Si l'auteur présumé est un adulte de la communauté scolaire
Alerter le médecin*, l'infirmier et le psychologue scolaire
Procéder à une évaluation pluridisciplinaire au sein de l'école et saisir la CDED du Conseil
Général (envoi de l'information préoccupante)
Informer le directeur académique (sous couvert de l'IEN)
Saisir sans délai le directeur académique sous couvert de l'IEN
* Avant la grande section de maternelle les informations préoccupantes et les signalements sont transmis directement sans saisine du médecin de l'éducation nationale qui a pour missions d'intervenir à partir de la grande section de maternelle.
- conseils et précautions
1 CONSEILS
Parce qu'il s'agit d'une situation complexe et difficile, il est important de ne jamais rester seul
face à une situation d'enfant en danger ou en risque de l'être pour :
– Partager un doute, une parole d'enfant recueillie
– Evaluer et approfondir la connaissance d'une situation
– Atténuer les conséquences de cette situation
– Vérifier si une intervention est déjà en cours
Pour obtenir des informations complémentaires et un soutien, vous contacterez le médecin,
l'infirmière et/ou le psychologue de l'Education Nationale. Ils seront en mesure de vous aider à faire
appel aux partenaires (CDED, responsable MSD, associations...).
2 PRÉCAUTIONS
■ Auprès de l'enfant
Il s'agit de recueillir la parole de l'enfant sans commentaire personnel, ni interprétation, ni
jugement de valeur ; au besoin mener avec lui un entretien sans investigation.

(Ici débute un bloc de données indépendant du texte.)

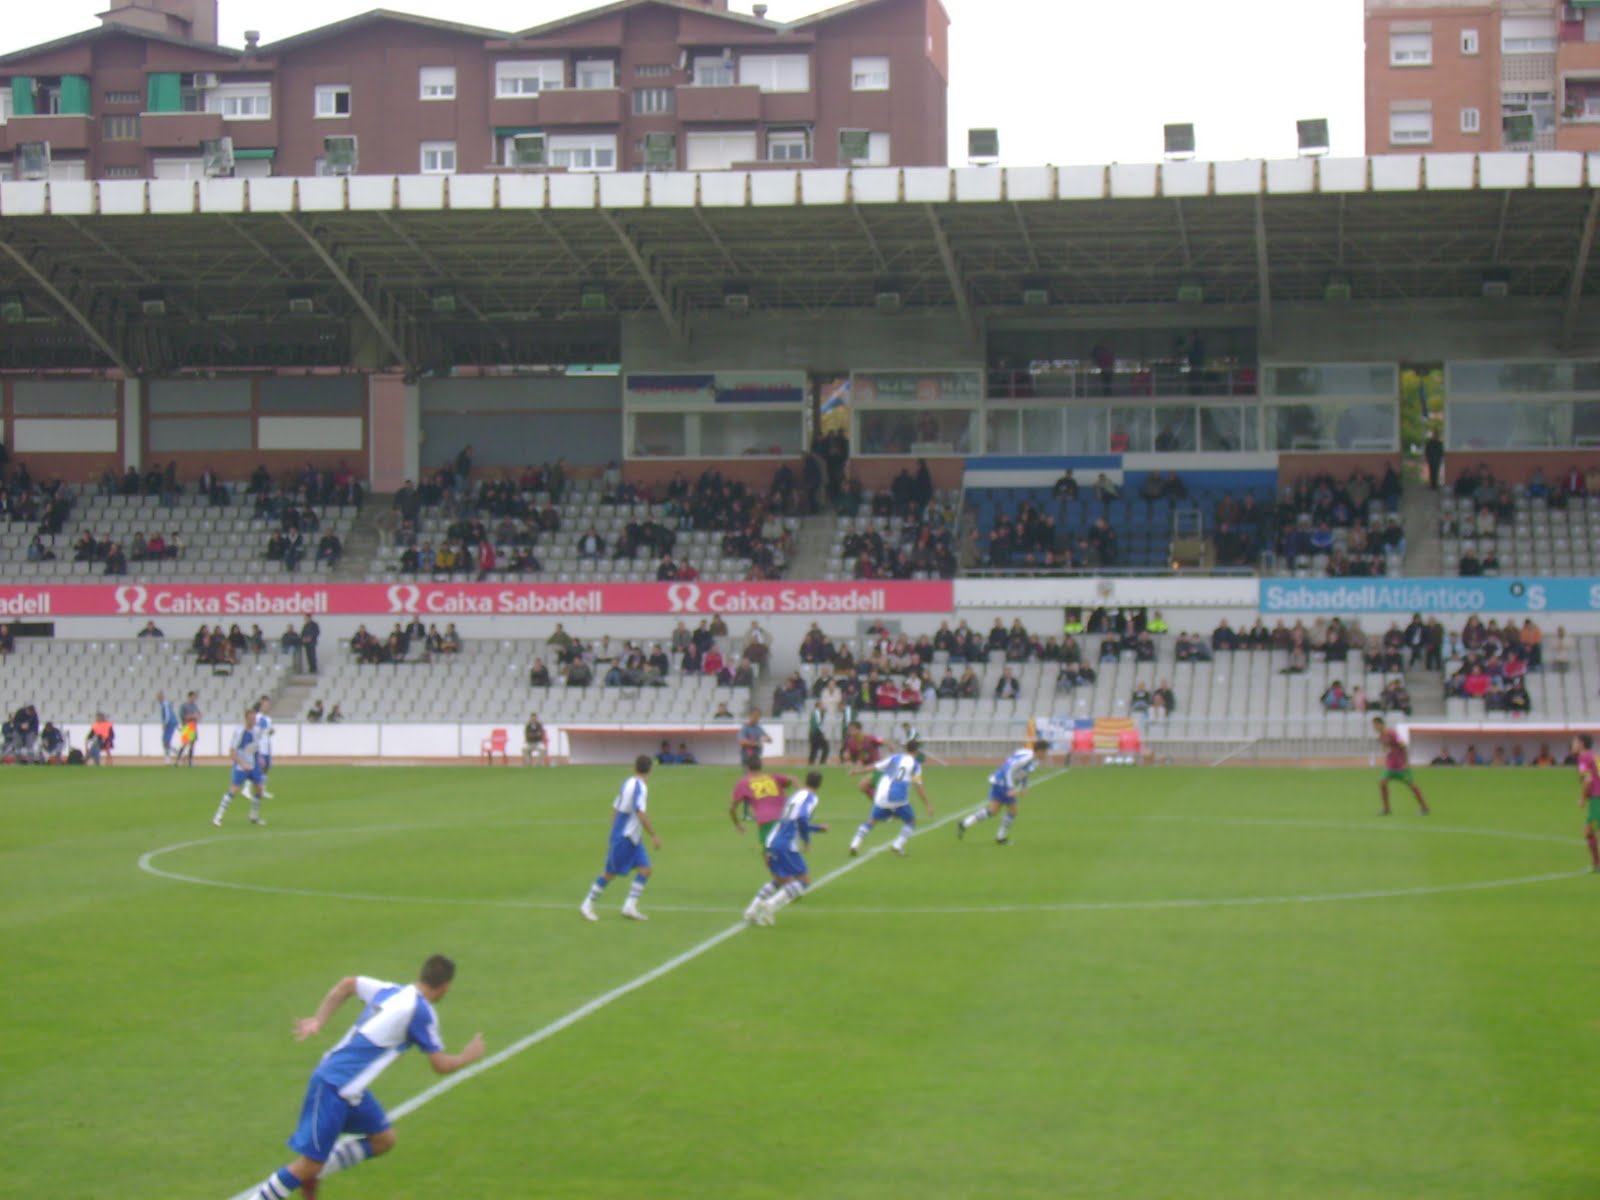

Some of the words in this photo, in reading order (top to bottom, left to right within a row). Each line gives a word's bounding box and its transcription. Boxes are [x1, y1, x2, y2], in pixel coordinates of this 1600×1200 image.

[154, 592, 220, 614] Caixa
[224, 591, 327, 614] Sabadell
[426, 591, 492, 613] Caixa
[498, 591, 602, 613] Sabadell
[707, 590, 774, 612] Caixa
[780, 589, 885, 611] Sabadell
[1266, 585, 1485, 609] SabadellAtlántico
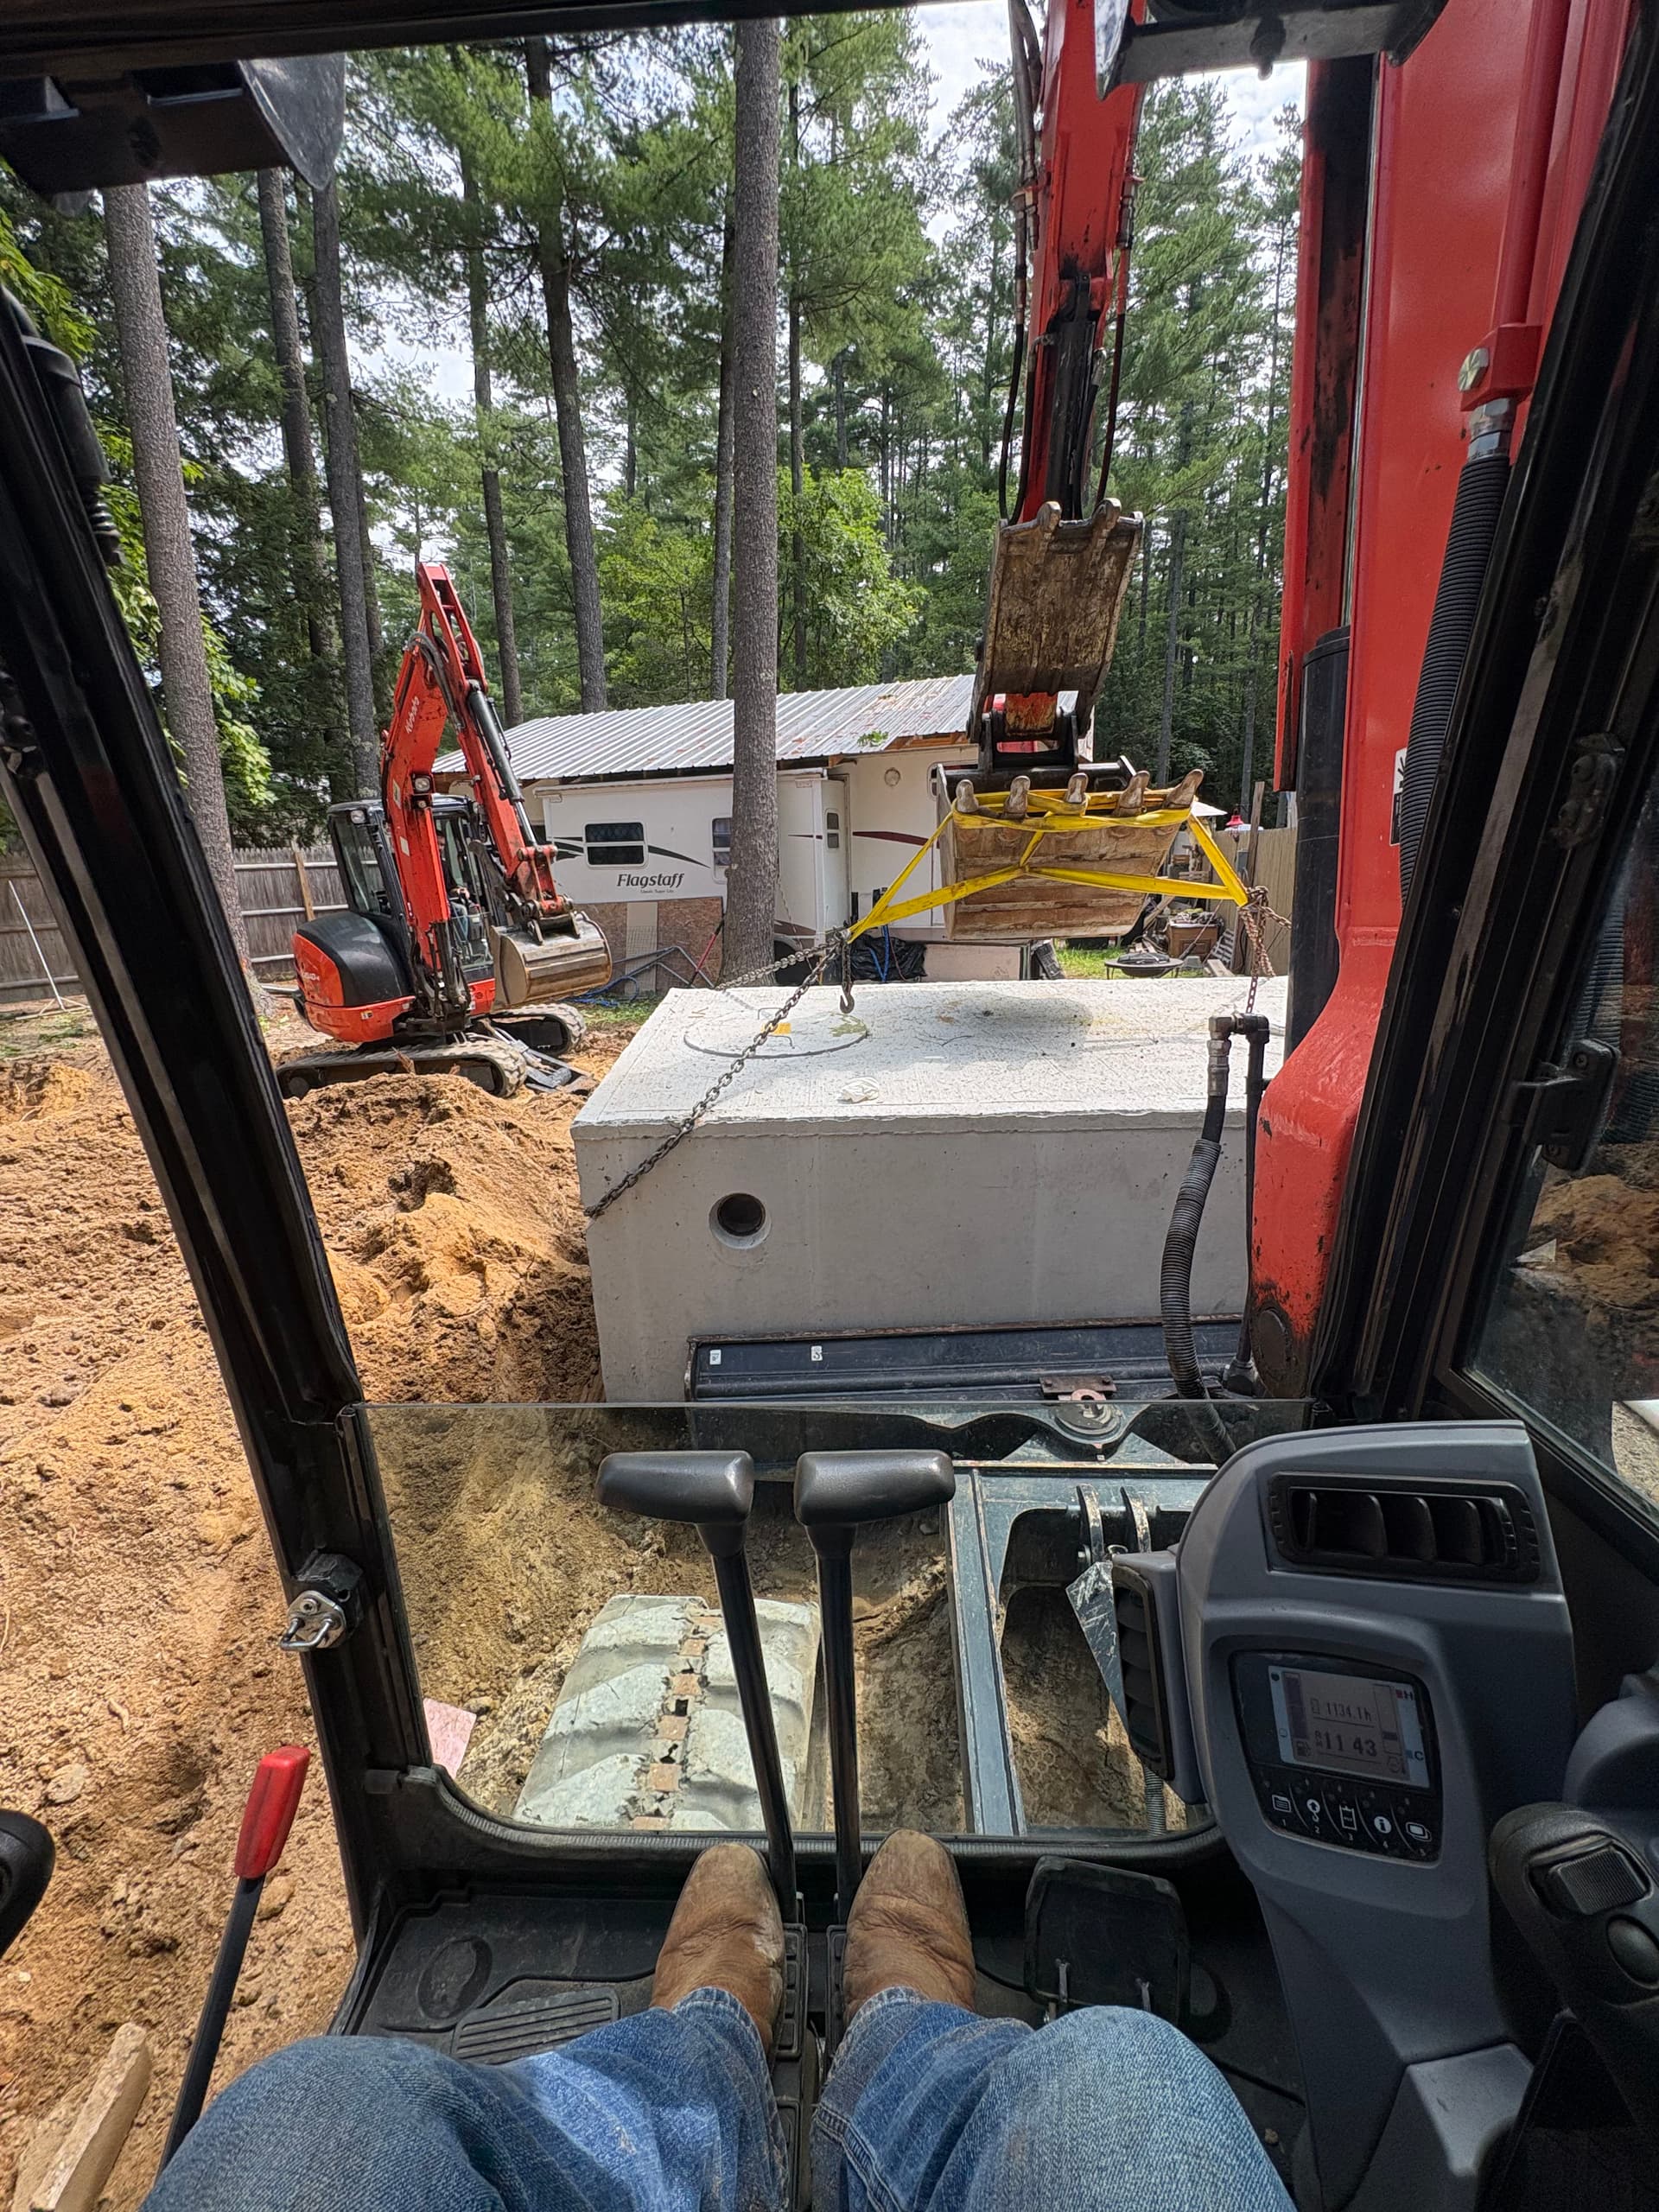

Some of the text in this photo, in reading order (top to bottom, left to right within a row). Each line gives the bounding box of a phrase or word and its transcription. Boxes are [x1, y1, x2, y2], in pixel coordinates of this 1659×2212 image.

[616, 873, 685, 888] Flagstaff
[1403, 1690, 1414, 1700] H
[1414, 1751, 1425, 1761] C
[1314, 1825, 1320, 1834] 2
[1348, 1833, 1354, 1841] 3

Il faudra expliquer à l'enfant votre mission et responsabilité d'adulte enseignant pour l'aider
ainsi que sa famille.
■ Auprès de la famille
Les droits au respect de la vie privée des enfants et de leur famille impliquent :
la plus grande discrétion
le respect de la stricte confidentialité, sachant « que le partage des informations
relatives à une situation individuelle est strictement limité à ce qui est nécessaire à
l'accomplissement de la mission de protection de l'enfance » (extrait article L.226-2-2 du
CASF)
Le père, la mère, toute autre personne exerçant l'autorité parentale, le tuteur, l'enfant en
fonction de son âge et de sa maturité sont préalablement informés selon des modalités
adaptées, sauf si cette information est contraire à l'intérêt de l'enfant. (extrait de l'article
L226-2-2 du CASF). L'information des parents est systématique sauf dans les cas où
l'auteur de violences sexuelles (cas n°1) ou de maltraitance avérée (cas n°2) est un
membre de la famille.
La présomption d'innocence quel qu'en soit l'auteur
■ La situation
Partager les éléments d'une situation d'enfant en danger ou en risque ne signifie ni apporter
la preuve des faits, ni apprécier les responsabilités.
- Aide à la rédaction
Dans tout écrit, il est absolument indispensable de noter un maximum de renseignements d'état-civil
concernant l'enfant, ses parents ou responsables légaux ainsi que le contexte dans lequel sont recueillis
les éléments ou confidences :
nom, prénom, date de naissance (lieu de naissance si possible)
adresse où réside l'enfant, sa classe, son régime
ainsi que des éléments relatifs à sa scolarité
– Si l'enfant est amené à révéler des violences subies, il est important de retranscrire ses propos
littéralement, entre guillemets, sans interprétation.
– Dans la mesure du possible, il est recommandé que la personne à l'origine de l'information
préoccupante indique ses coordonnées téléphoniques professionnelles et personnelles afin de
pouvoir être jointe facilement.
– Si plusieurs personnes sont dépositaires d'informations, de confidences, chacune des personnes
concernées rédige un écrit.
En cas de saisine directe du Parquet pour cause d'urgence exclusivement, une copie de l'information
préoccupante doit être adressée systématiquement à la Cellule Départementale de l'Enfance en
Danger.
Une copie de tout signalement ou information préoccupante envoyée au parquet ou à la CDED doit
être transmise sans délai au directeur académique sous couvert de l'IEN.
Garder en votre possession un double de vos écrits.
Le retour d'informations sera directement effectué auprès de l'école par la CDED.
Le délai pourra être plus ou moins long (de quelques heures à plusieurs semaines) en fonction de la situation.